U.S. Birth Rate Drops To 30-Year Low, Joining Other Developed Countries In A ‘Cultural Shift’


The birth rate in the United States has fallen to a 30-year low, as the U.S. joins much of the rest of the developed world in what BBC News calls a “cultural shift away from motherhood.” Similarly, the fertility rate in the U.S. (a similar but slightly different statistic) has also been falling precipitously.

The Raw Numbers

Some 3.85 million babies were born in the U.S. in 2017, the fewest since 1987. What’s more, the population of the country was quite a bit lower then: 242.3 million then vs. 325.7 million now. That means that when the numbers are crunched, not only is there a pronounced decrease in the overall number of babies being born, but in the number of live births per thousand people (that is, the birth rate). That translates to an overall birth rate of 60.2 in the U.S. in 2017, down from 62.0 in 2016, and, like the number of births, the lowest it’s been since the Reagan era.

Also down is the fertility rate. Though it sounds similar to the birth rate, the fertility rate is slightly different: it’s a forecast of how many babies a woman will have in her lifetime. That rate, too, has fallen to the lowest it’s been in decades: 1.75, the lowest it’s been since 1978.

So What’s Going On?

There are a multitude of reasons for the decline in birth rates, spanning culture, economics, demographics, and even medical care.

In the main, however, BBC News points to what it calls a “cultural shift away from motherhood.” In other words, fewer women are having babies, instead focusing on their careers or the non-parent lifestyle. Those women that do have babies tend to have them later in life — after college and a few years in the workforce — and have fewer. This is borne out by the fact that, among women aged 40-44, both the birth rate and fertility rate are actually rising, not falling.

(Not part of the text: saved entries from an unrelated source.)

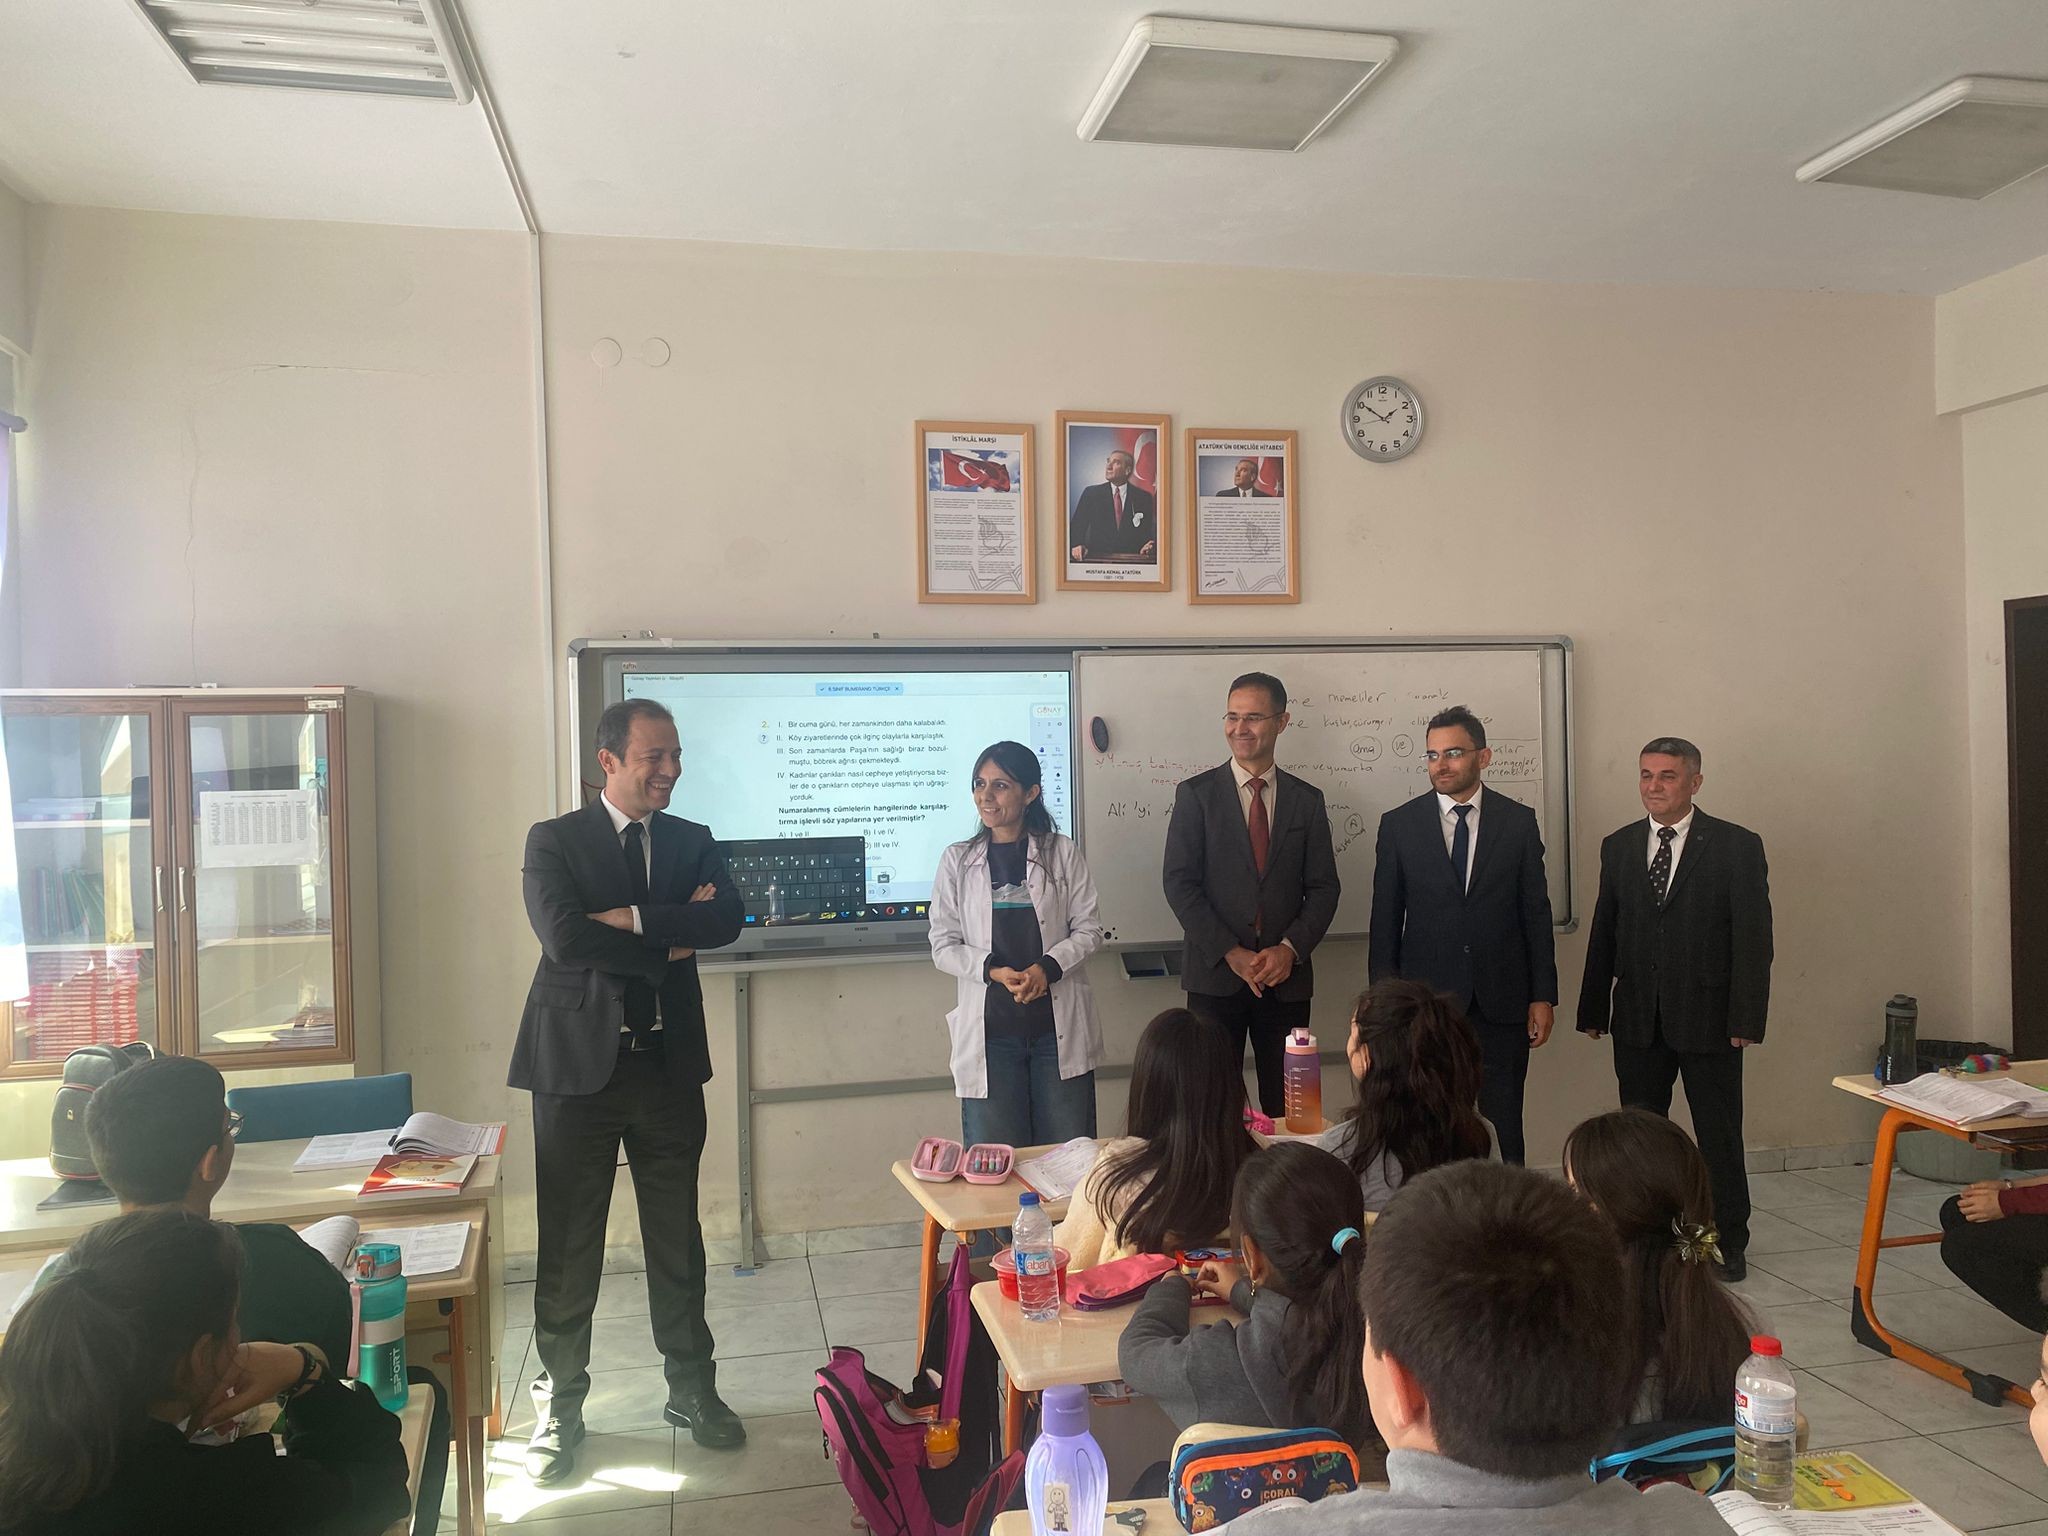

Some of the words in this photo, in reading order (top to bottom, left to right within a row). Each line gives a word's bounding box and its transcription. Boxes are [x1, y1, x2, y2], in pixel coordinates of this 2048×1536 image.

[1378, 386, 1387, 394] 12
[1356, 401, 1365, 409] 10
[1402, 401, 1409, 409] 2
[1353, 415, 1360, 423] 9
[1406, 415, 1413, 423] 3
[1357, 429, 1365, 438] 8
[1402, 430, 1409, 438] 4
[1367, 440, 1374, 448] 7
[1380, 444, 1388, 452] 6
[1393, 440, 1401, 448] 5
[788, 734, 802, 743] Köy
[863, 733, 881, 742] ilginç
[881, 733, 910, 741] olaylarla
[788, 747, 803, 755] Son
[789, 771, 818, 779] Kadınlar
[847, 770, 864, 778] nasıl
[864, 770, 894, 778] cepheye
[850, 782, 880, 790] cepheye
[881, 781, 911, 789] ulaşması
[913, 780, 925, 788] için
[833, 805, 871, 813] cümlelerin
[873, 804, 918, 812] hangilerinde
[919, 803, 950, 811] karşılaş-
[1108, 802, 1126, 817] Ali
[799, 817, 821, 826] işlevli
[836, 817, 872, 825] yapılarına
[885, 814, 926, 823] verilmiştir?
[863, 828, 871, 837] B)
[393, 1347, 402, 1395] SPORT
[1263, 1487, 1298, 1499] CORAL
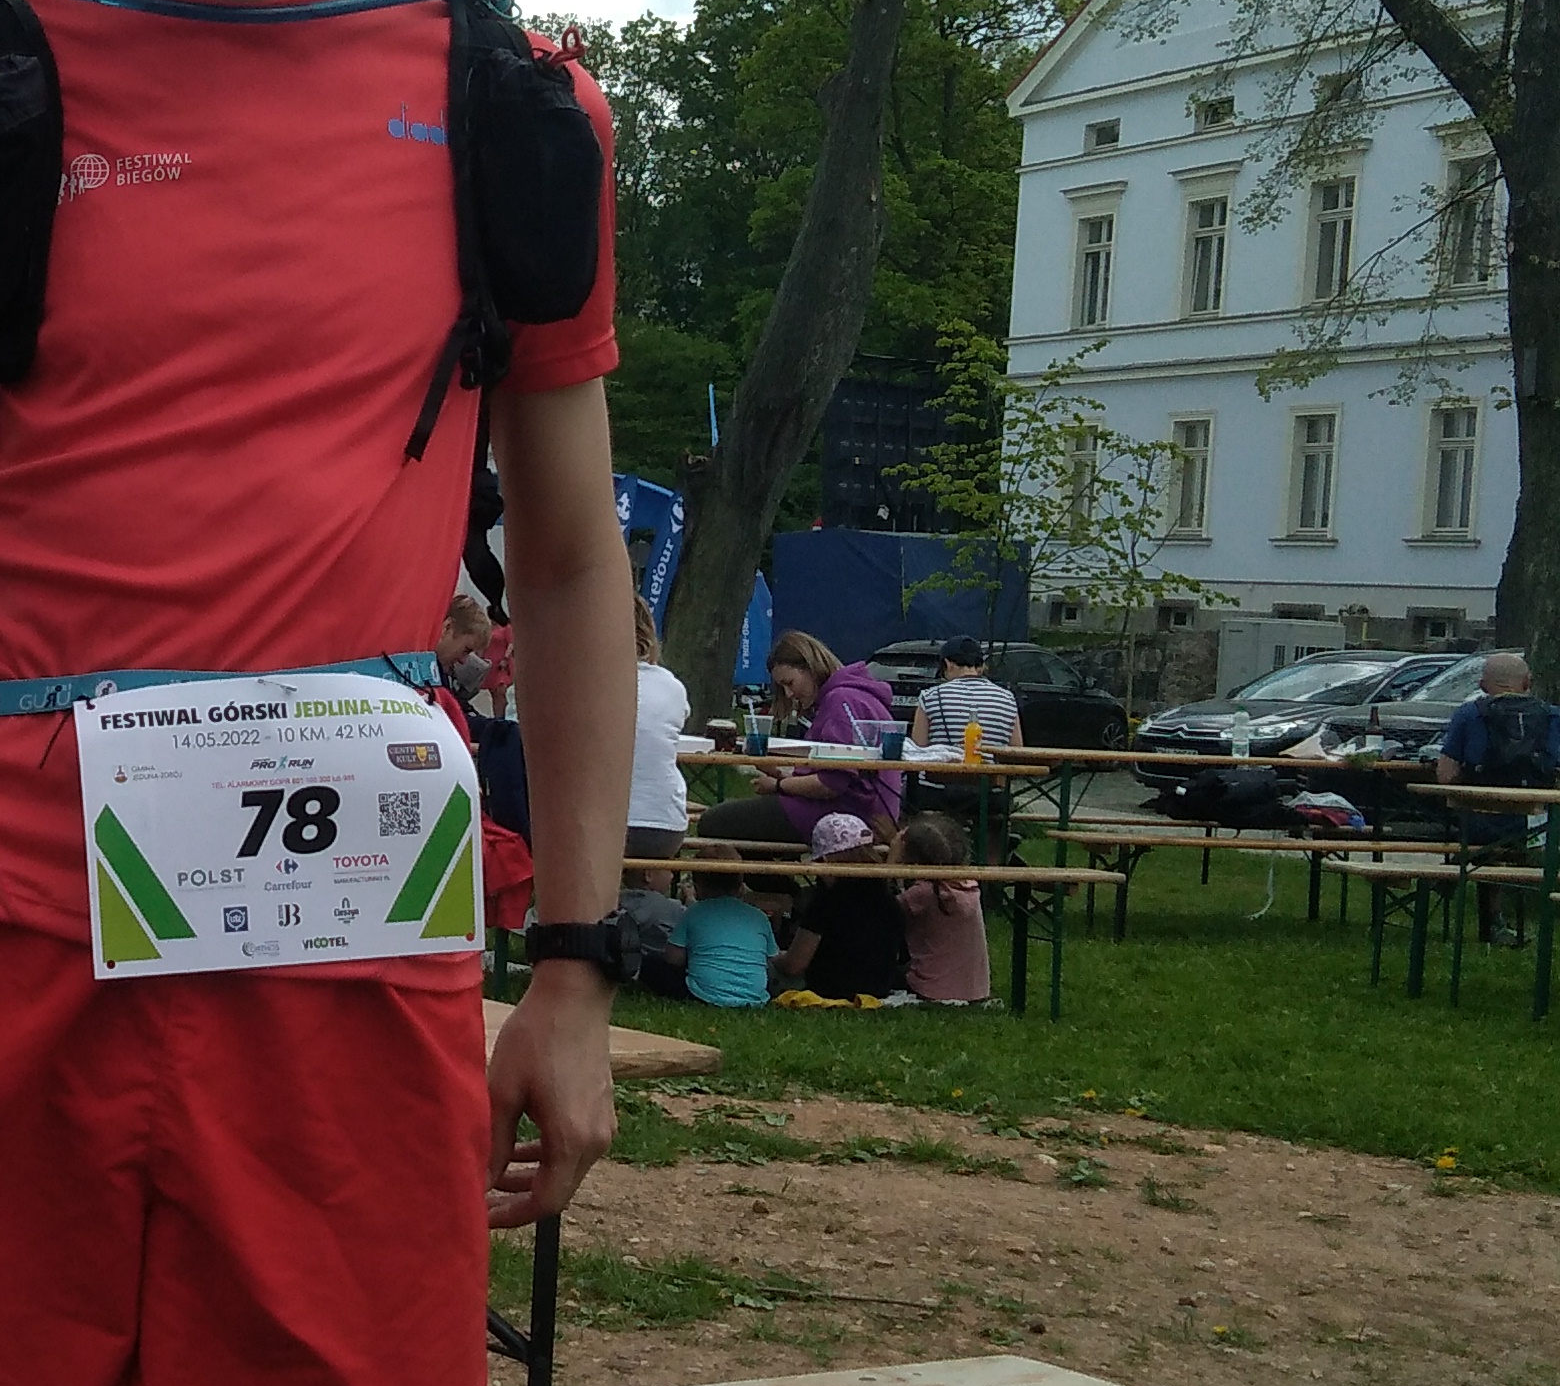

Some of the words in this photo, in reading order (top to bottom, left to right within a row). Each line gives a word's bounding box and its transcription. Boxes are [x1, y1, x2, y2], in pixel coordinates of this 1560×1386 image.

[116, 153, 192, 172] FESTIWAL
[116, 166, 181, 186] BIEGÓW
[100, 707, 202, 730] FESTIWAL
[208, 700, 288, 723] GÓRSKI
[294, 699, 433, 720] JEDLINA-ZDRÓJ
[172, 729, 261, 749] 14.05.2022
[276, 727, 295, 743] 10
[335, 724, 354, 739] 42
[358, 723, 384, 738] KM
[250, 759, 277, 770] PRO
[288, 758, 315, 768] RUN
[236, 785, 341, 858] 78
[332, 853, 390, 869] TOYOTA
[177, 868, 246, 887] POLST
[264, 880, 313, 892] Carrefour
[302, 936, 349, 951] VICOTEL

There may also be a political reason as well, says Donna Strobino of Johns Hopkins University. She notes that the U.S., unlike literally every other country in the western world, does not mandate paid maternity leave. That makes it more difficult for working women to have babies.

“And in the absence of policies that really help women who are working to really take some time off post-partum you are probably going to see a continuation of this delay.”

So What Does This Mean?

In the U.S., not much. While other developed nations are actively encouraging their women to have babies, such as Poland, which produced the video below in order to encourage Polish women to “breed like rabbits,” the U.S. is not in such a hurry.

While a steady increase in population is necessary to fill the tax rolls, care for the elderly, and put bodies into the workforce, what the U.S. lacks in births it more than makes up for in immigration. Or, as William Frey of the Brookings Institute put it rather succinctly, “The country isn’t going to run out of people.”